Table 5 Research of bridging topics and opinions together
Year Paper Methods of association
2003 Sentiment analyzer: extracting sentiments about a given topic using natural language processing techniques [45]
1) a topic specific feature term extraction, 2) sentiment extraction, and 3) (subject, sentiment) association by relationship analysis
2007 Extracting appraisal expressions [46] An attitude type taxonomy and two domain-dependent target type taxonomies are predefined.
Stanford Parser is used for dependency representation. A ranked list of linkage specifications of the paths in the dependency trees is hand-constructed.
When linking each attitude to a target, the link between them is compared with the ranked list and prioritized.
23
Sentiment analyzer: extracting sentiments about a given topic using natural language processing techniques [45]:
Yi et al. extract candidate feature terms based on a set of Part-Of-Speech (POS) patterns first, then select them through two algorithms: a mixture language model and likelihood ratio [45].
For sentiment phrases, they use a syntactic parser to identify subject, object, adjective, and prepositional phrases of a sentence. From those elements, they identify all sentiment adjectives as sentiments. If the feature terms identified before have sentiment words, they become sentiments.
For the feature / target and sentiment association, they use a sentiment pattern database to determine a sentiment phrase’s target and polarity, if the target exists in the sentence. For sentences that do not match the sentiment pattern database, they assign the association based on a group of B-expressions (for incomplete fragments containing sentiment) if possible.
This is a typical early work that researchers identify sentiments and targets/topics separately, and then bridge them together.
Because Yi et al.’s datasets are selected with a subject term in each sentence, and they are datasets from 15 years ago, their reported performance can not act as baselines to compare with the evaluation datasets used for the prototype in this thesis. In the evaluation of this thesis, the reviews are randomly sampled without any restriction or selection process.

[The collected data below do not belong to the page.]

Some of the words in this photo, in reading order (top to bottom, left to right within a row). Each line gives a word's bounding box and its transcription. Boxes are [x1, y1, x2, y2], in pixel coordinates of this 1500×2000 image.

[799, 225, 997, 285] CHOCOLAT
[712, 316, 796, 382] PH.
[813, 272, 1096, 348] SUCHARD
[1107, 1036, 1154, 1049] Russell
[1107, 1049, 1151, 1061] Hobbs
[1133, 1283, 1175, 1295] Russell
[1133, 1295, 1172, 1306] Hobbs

Extracting appraisal expressions [46]:
Bloom, Garg and Argamon constructed an attitude type taxonomy and two domain-dependent target type taxonomies. Both are in tree structures and have vocabularies as leaves under each category.
They then use Stanford Dependency Parser for dependency representation. They hand-constructed a ranked list of linkage specifications of the paths in the dependency trees that connect attitudes and targets. Priorities are manually assigned for the paths so only the highest priority specification can be used when more than one paths are found. After attitudes and target candidates are found, in order to link each attitude to a target, the links between them are compared with the ranked list and prioritized.
24
Worth noting, if no linkage is found at all, they assign the default category of targets to the attitudes. This situation frequently happens in user reviews data used in this thesis. This thesis adopts a similar method to their approach: assigning the opinions to the current mobile app.
Bloom, Garg and Argamon used Stanford Dependency Parser in their work. Although they adopted the similar approach as other researchers at that time, and used Stanford dependency trees as mainly the linking methods to bridge the previously resulting attitudes and targets, it was a significant sign that Stanford dependency parser began to contribute to research considerably.
It could be arguable whether these jobs could be easier if with more help of the Stanford Dependency Parser [47]. However, the Stanford Parser might not have reached sound robustness and gained enough popularity at the time of this paper was written, despite that its first release was in 2002 [48].